Mitte des 19. Jahrhunderts startete die chilenische Regierung eine regelrechte Werbekampagne in deutschen Zeitungen. Sie suchte vor allem katholische Bauern, die mit der Aussicht auf politische Stabilität und Steuerfreiheit nach Südamerika gelockt wurden. Von dieser Aussicht waren in den deutschen Fürstentümern nicht nur die Bauern begeistert. "Sie kamen aus der Industrie, sie waren Handwerker, sie konnten Körbe flechten oder Hüte machen", sagt die Historikern Andrea Minte, die sich mit der Geschichte der deutschen Einwanderer in Chile beschäftigt hat.
Keine geschlossene Gruppe
Die Deutschen, die nach monatelanger Fahrt in Chile an Land gingen, waren keineswegs eine in sich geschlossene Gemeinschaft. Katholisch, wie von der chilenischen Regierung ursprünglich gewünscht, waren auch nicht alle. Die unterschiedlichen Konfessionen lebten bald in rivalisierenden Gruppen.
Die Lutheraner schotteten sich ab und gründeten, nachdem die erste Kirche gebaut war, eigene Schulen. Den Katholiken hingegen war die neue Heimat weniger fremd. Immerhin gab es für ihre Kinder bereits katholische Schulen. Beide Gruppen integrierten sich schließlich schnell - und drängten ihre Muttersprache in den Hintergrund, sagt Historikerin Minte. Sie selbst leitet heute eine der deutschen Schulen in Chile und kennt die Vorlieben ihrer Schüler: "Unsere Kinder sprechen besser Englisch als Deutsch, weil die Jugend immer mehr Interesse an der englischen Kultur hat, an den Vereinigten Staaten und England."
Deutsch ist Luxus
Englisch ist für die Jugendlichen ein Muss, Deutsch bedutet Luxus. An Mintes Schule werden rund 300 Schüler unterrichtet. Doch die Schulleiterin sorgt sich um die Zukunft: "Wir bräuchten viel mehr Unterstützung, viel mehr deutsche Lehrer." Sie wisse zwar um die finanziellen Schwierigkeiten, in denen Deutschland momentan stecke. Aber ohne Hilfe aus dem Ausland stünden einige Schulen bald vor dem Aus. Bei dem Lehrermangel, der zur Zeit in Deutschland herrsche, kämen heute viel weniger Pädagogen nach Chile als früher. Und die, die kämen, seien nicht immer die Besten.
Zu wenig Deutschlehrer
Der deutsch-chilenische Bund hat das Problem inzwischen selbst in die Hand genommen.

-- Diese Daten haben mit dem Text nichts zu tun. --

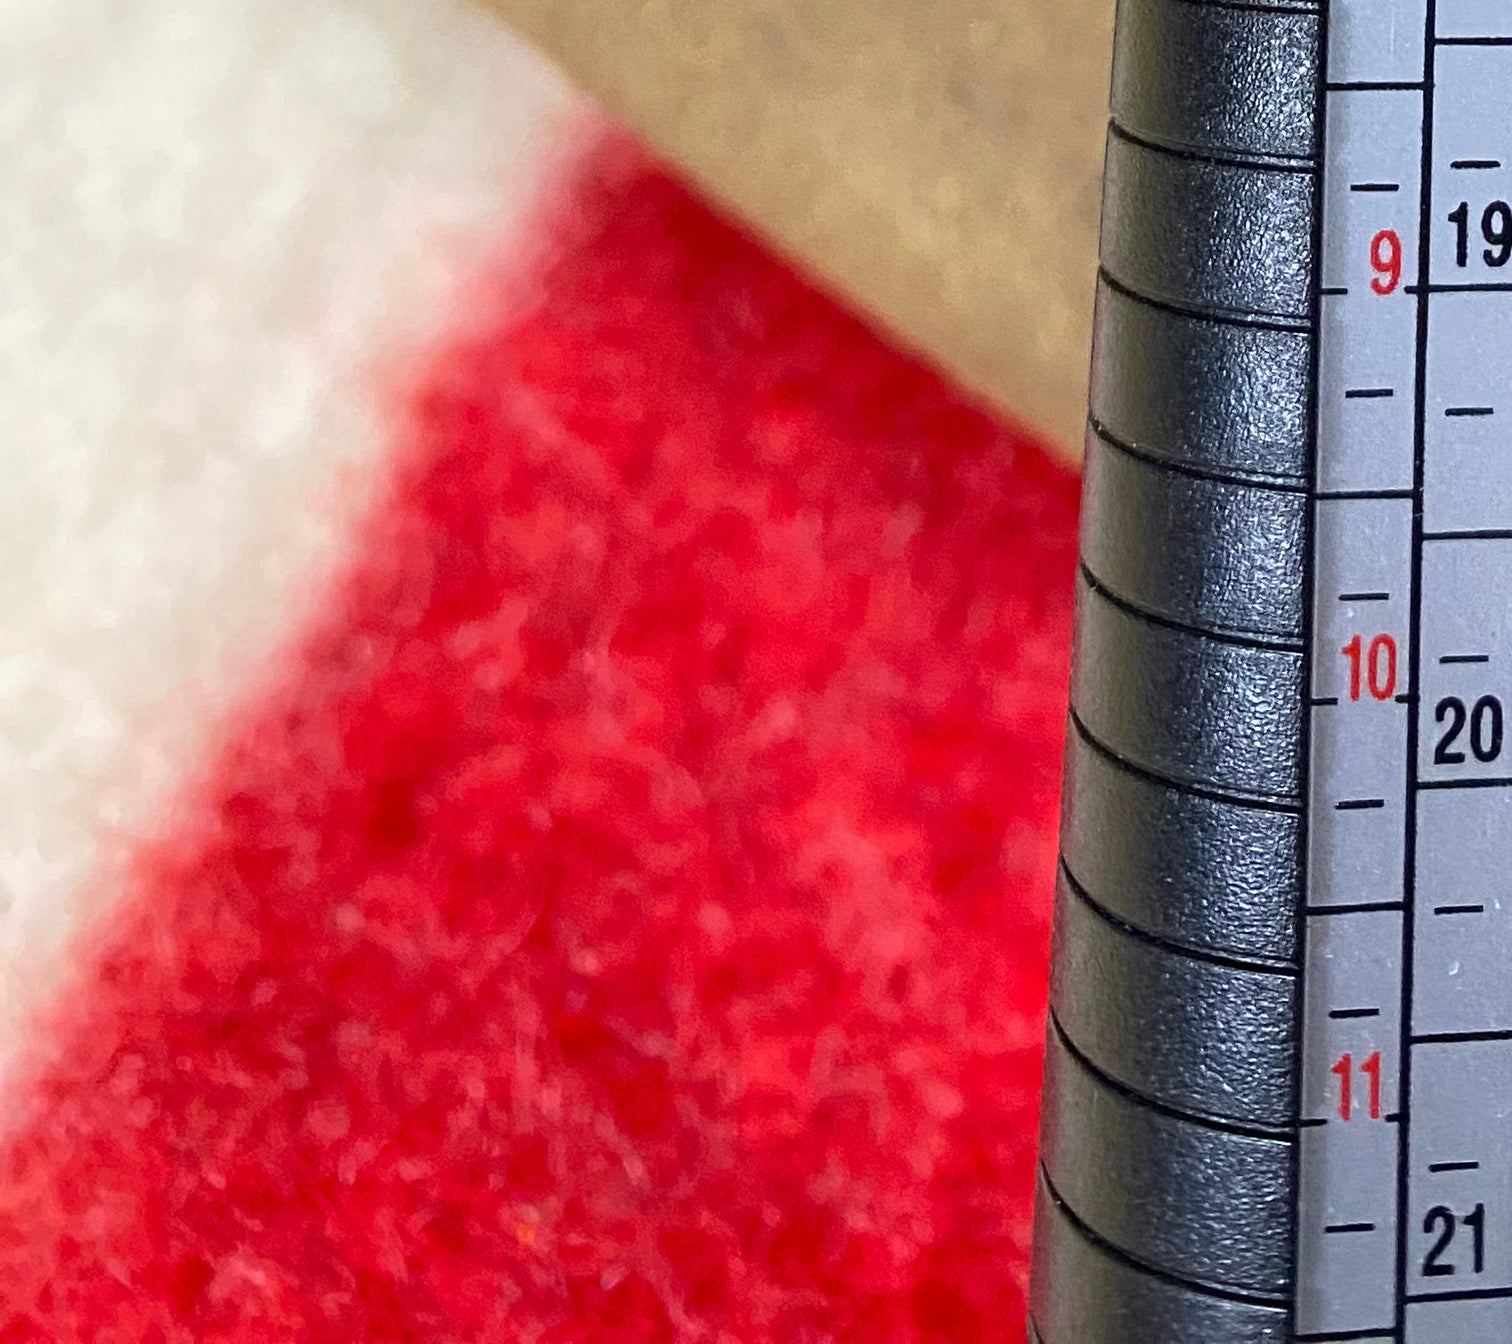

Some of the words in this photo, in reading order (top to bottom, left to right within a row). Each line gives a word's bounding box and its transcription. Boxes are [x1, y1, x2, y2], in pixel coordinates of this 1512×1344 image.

Er hat ein eigenes Lehrerbildungsinstitut gegründet. Trotzdem bleibt Minte skeptisch. 150 Jahre nach der Ankuft der ersten Deutschen in Chile habe die deutsche Kultur ihre beste Zeit hinter sich. "Wenn wir diese kleinen Deutschen Schulen nicht mehr halten können, dann wird die Sprache und Kultur wirklich ganz verschwinden."